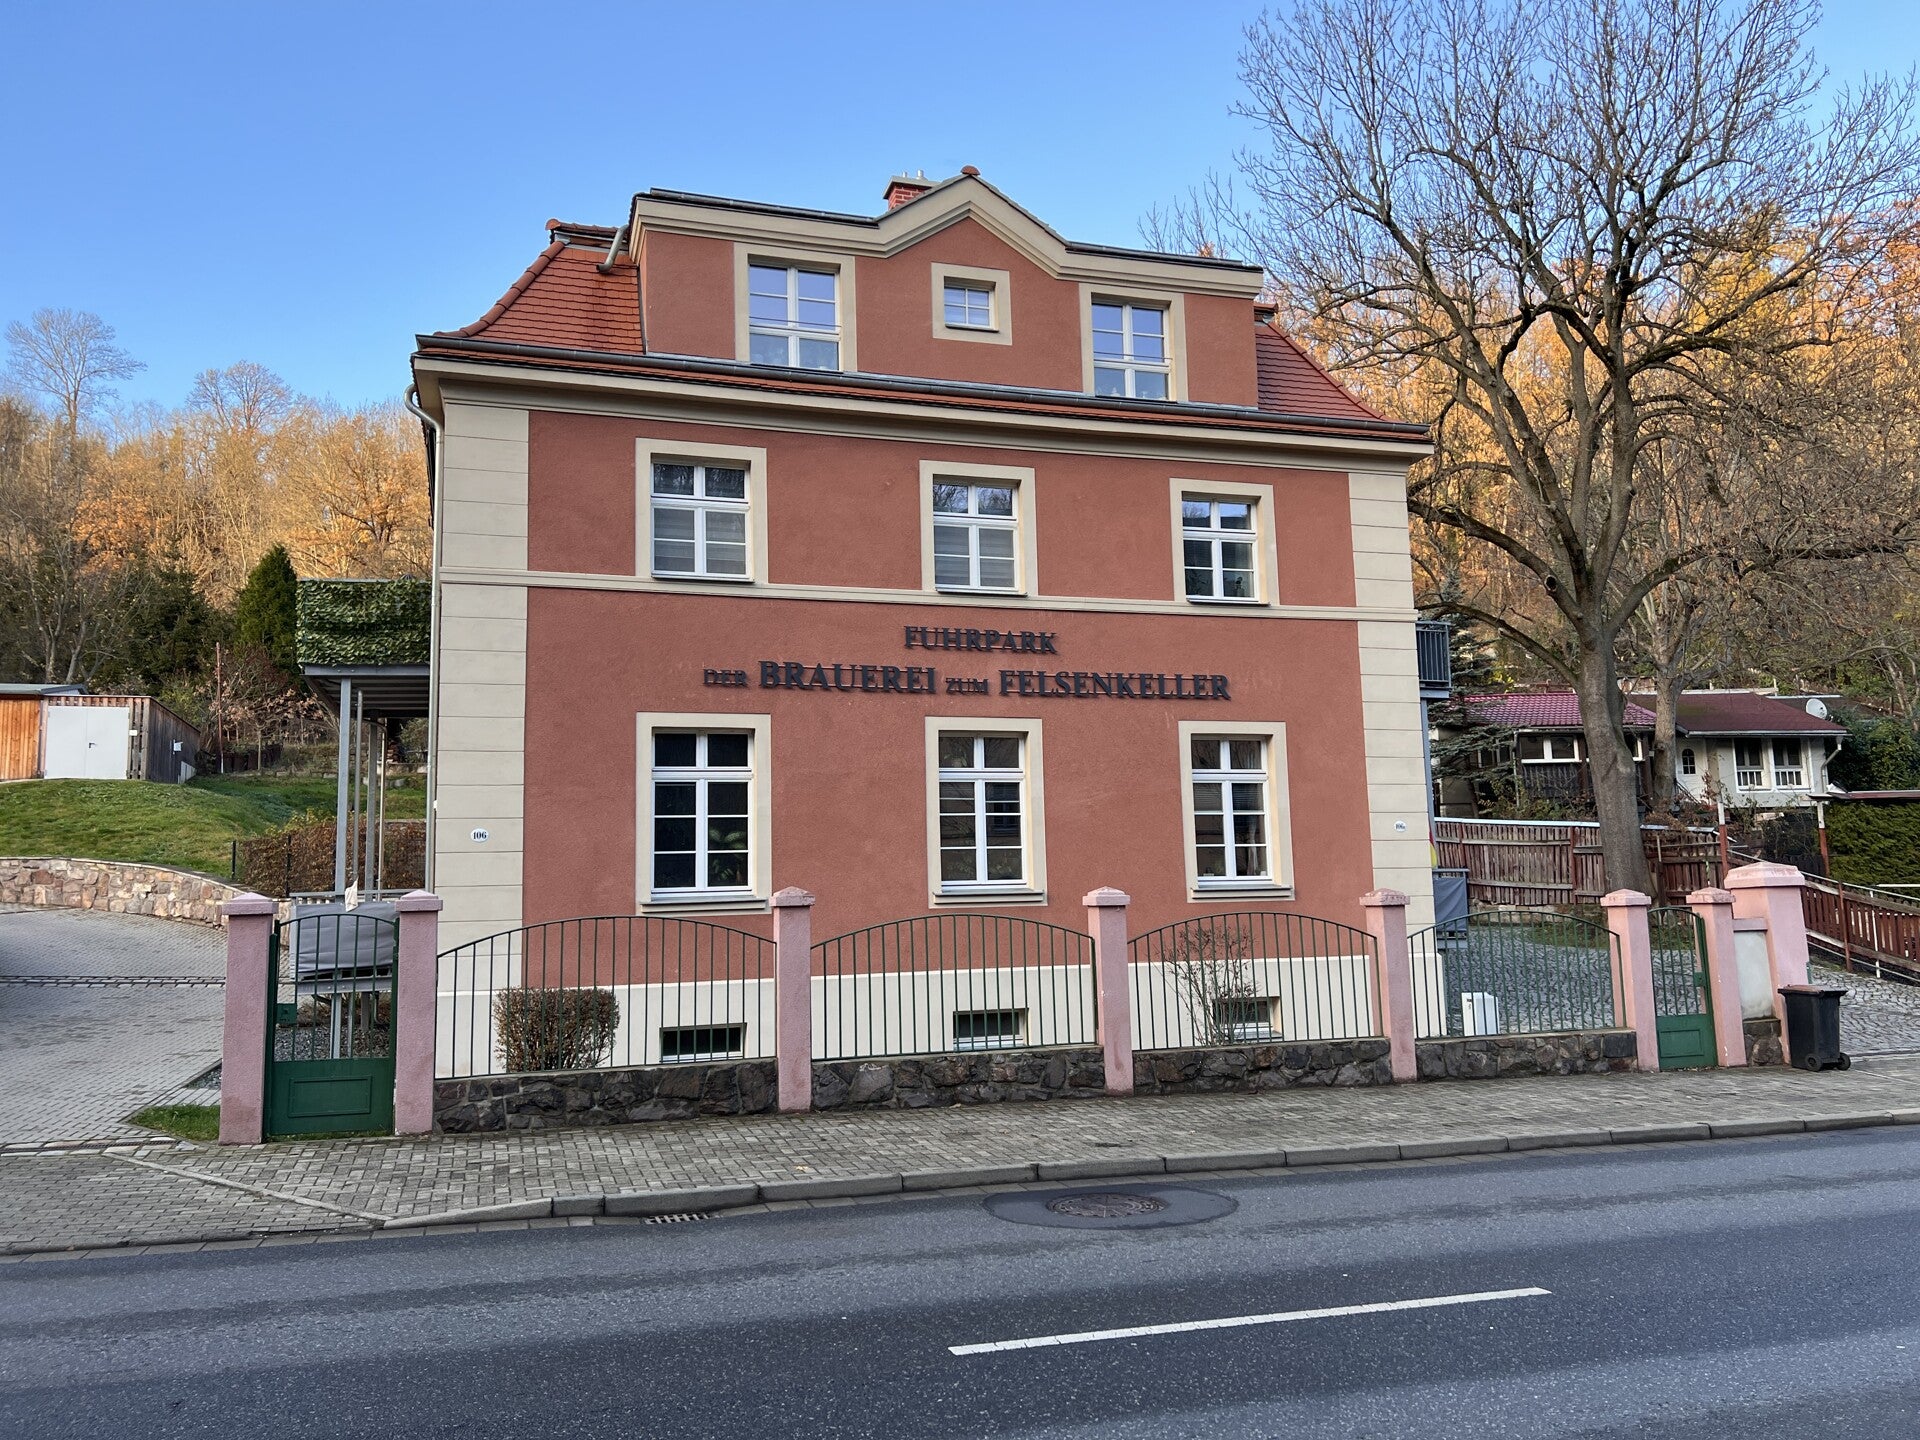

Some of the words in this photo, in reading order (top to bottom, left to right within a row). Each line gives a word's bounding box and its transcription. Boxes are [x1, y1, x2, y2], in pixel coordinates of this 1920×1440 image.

[904, 626, 1057, 654] FUHRPARK
[703, 668, 748, 687] DER
[758, 660, 936, 693] BRAUEREI
[946, 677, 988, 694] ZUM
[999, 669, 1231, 700] FELSENKELLER
[473, 831, 487, 840] 106
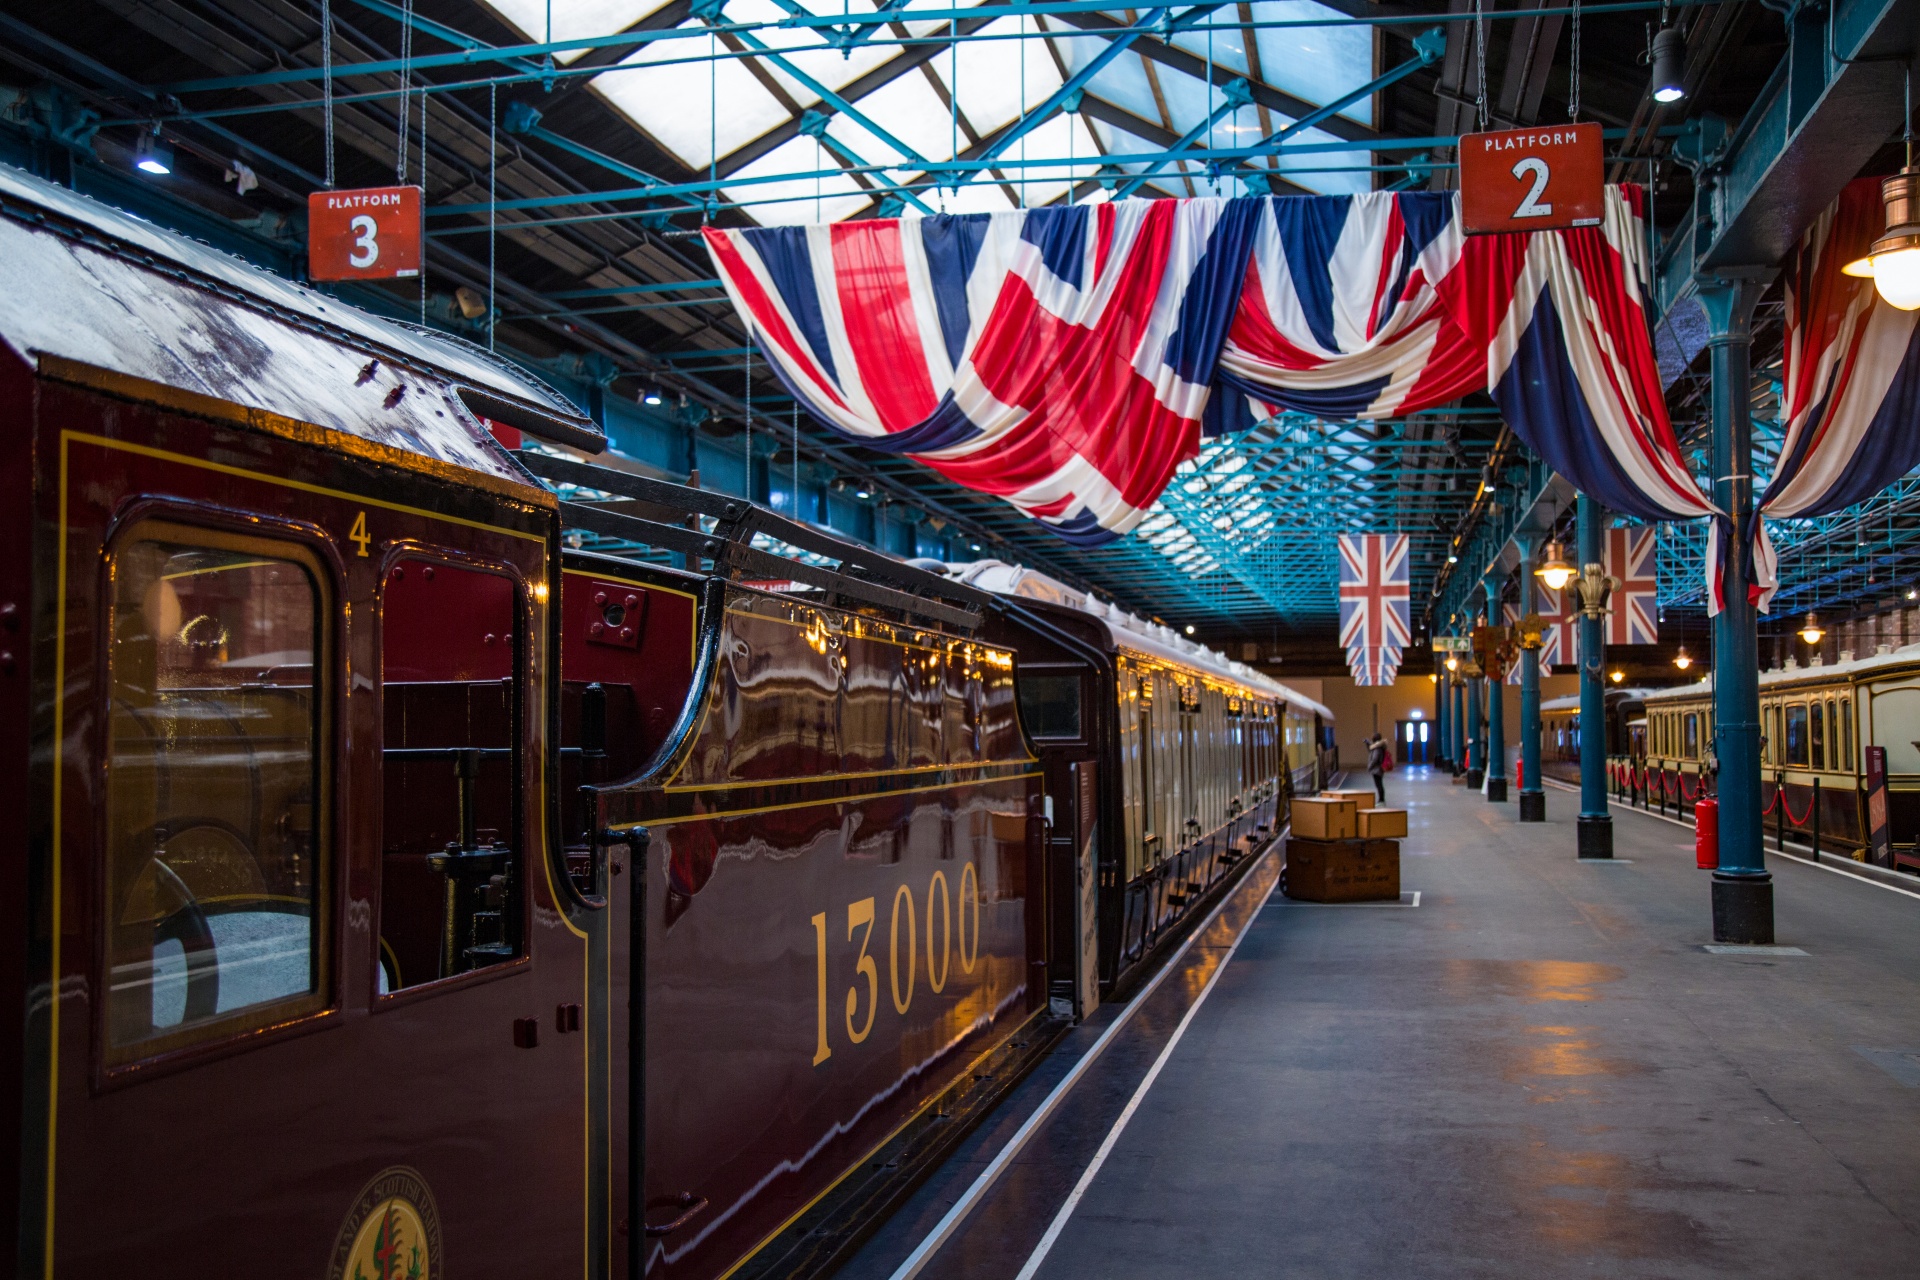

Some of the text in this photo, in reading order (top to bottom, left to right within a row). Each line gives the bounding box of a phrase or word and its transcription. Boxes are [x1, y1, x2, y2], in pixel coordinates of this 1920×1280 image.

[1485, 131, 1577, 151] PLATFORM
[328, 194, 401, 209] PLATFORM
[1511, 156, 1552, 219] 2
[350, 214, 379, 268] 3
[349, 511, 371, 557] 4
[811, 861, 980, 1067] 13000
[374, 1176, 421, 1203] SCOTTISH
[419, 1195, 439, 1265] RAILWAY
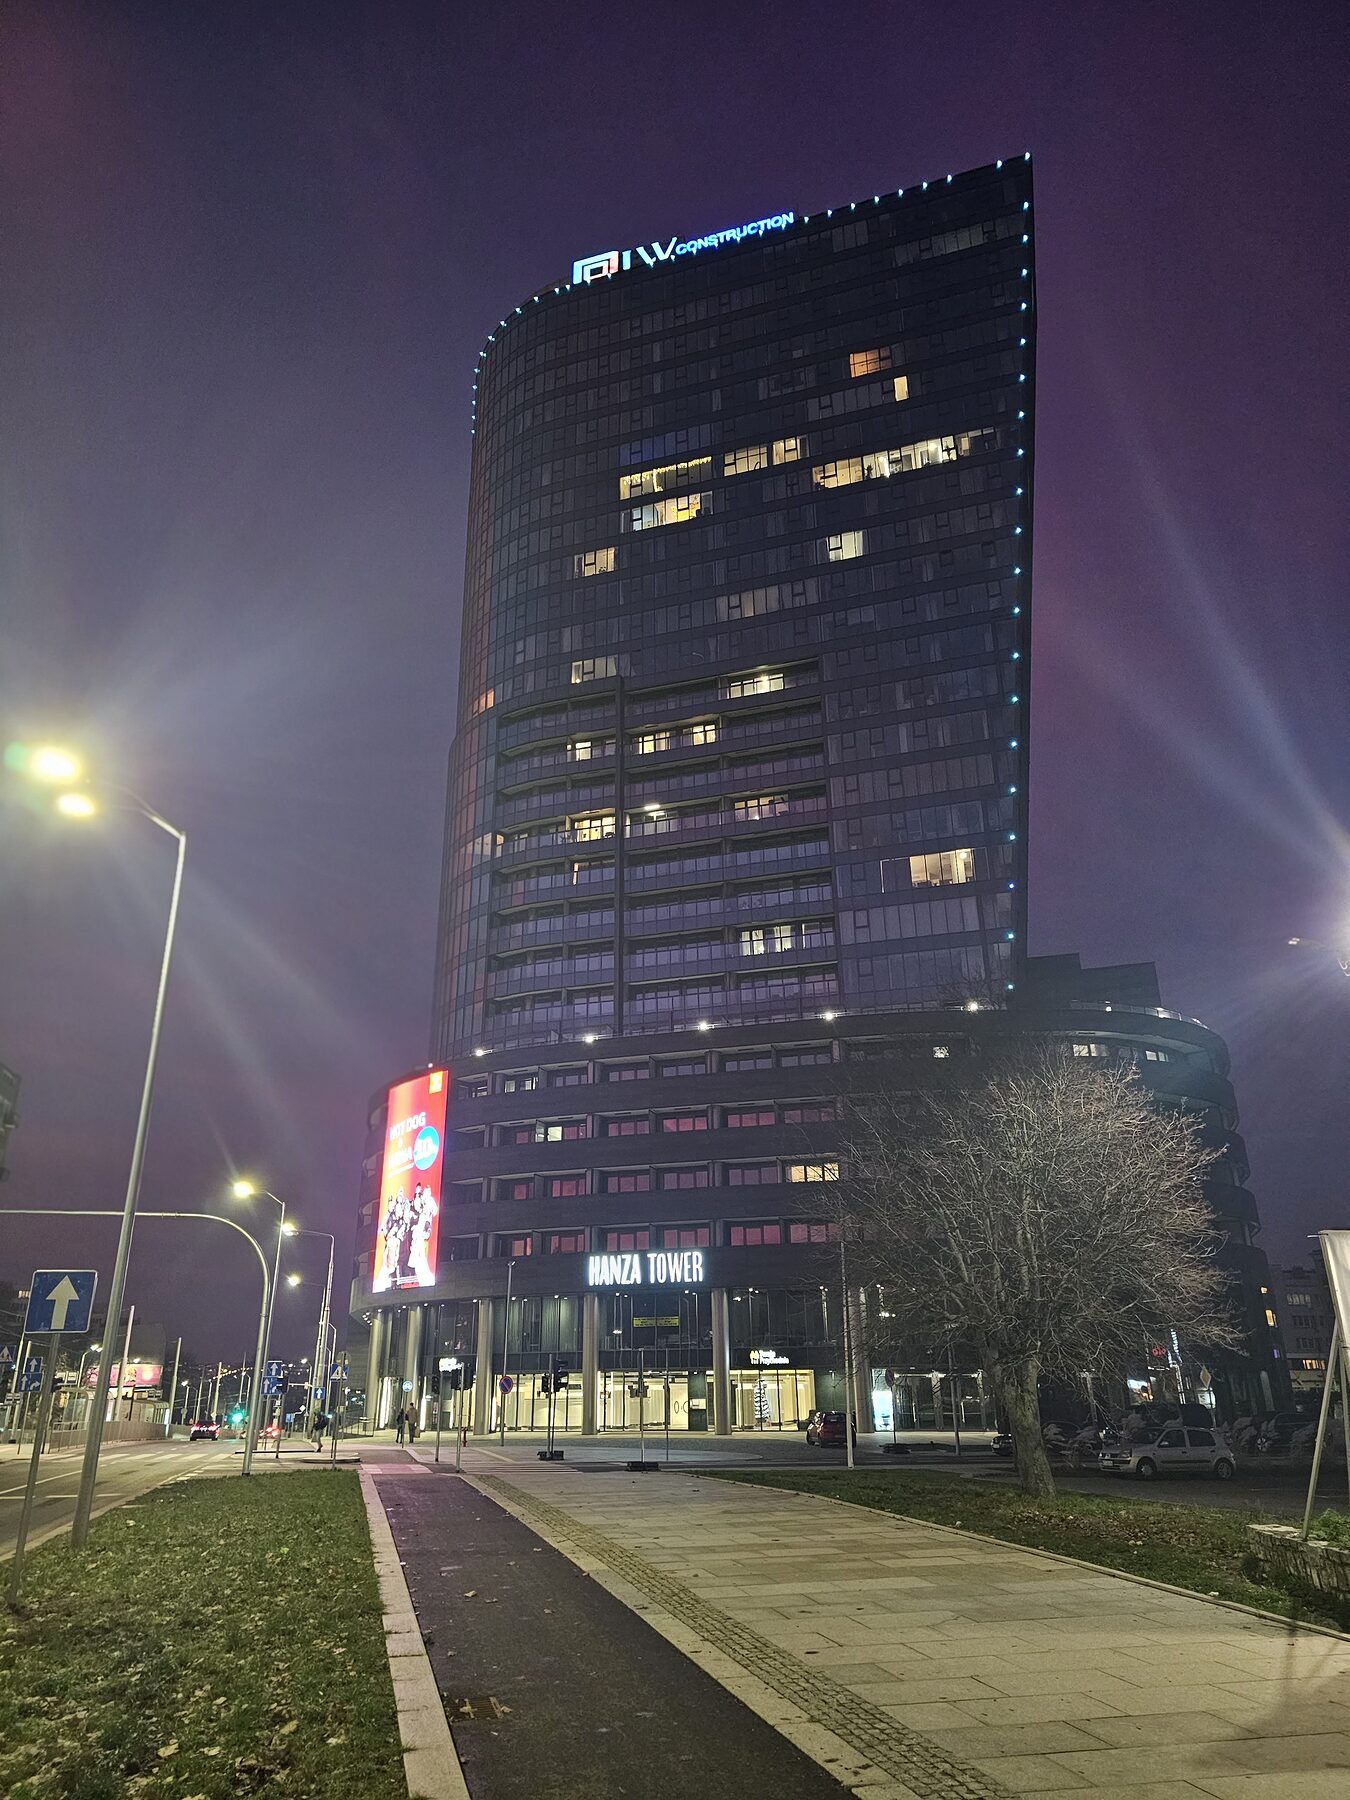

WHAT TO PRODUCE> Text only, please: give the listing again word for word with no images.

EXERCISE SOLUTION>
Some of the words in this photo, in reading order (top to bottom, left to right within a row). Each line gives a word's bounding box and its transcription. Boxes are [x1, y1, x2, y2], in pixel coordinates of this 1920×1440 image.

[904, 626, 1057, 654] FUHRPARK
[703, 668, 748, 687] DER
[758, 660, 936, 693] BRAUEREI
[946, 677, 988, 694] ZUM
[999, 669, 1231, 700] FELSENKELLER
[473, 831, 487, 840] 106

Some of the text in this photo, in reading order (top to bottom, left to right within a row). Each line gives the bounding box of a phrase or word and its transcription. Boxes are [x1, y1, x2, y2], in pixel coordinates of this 1920×1280 image.

[1485, 131, 1577, 151] PLATFORM
[328, 194, 401, 209] PLATFORM
[1511, 156, 1552, 219] 2
[350, 214, 379, 268] 3
[349, 511, 371, 557] 4
[811, 861, 980, 1067] 13000
[374, 1176, 421, 1203] SCOTTISH
[419, 1195, 439, 1265] RAILWAY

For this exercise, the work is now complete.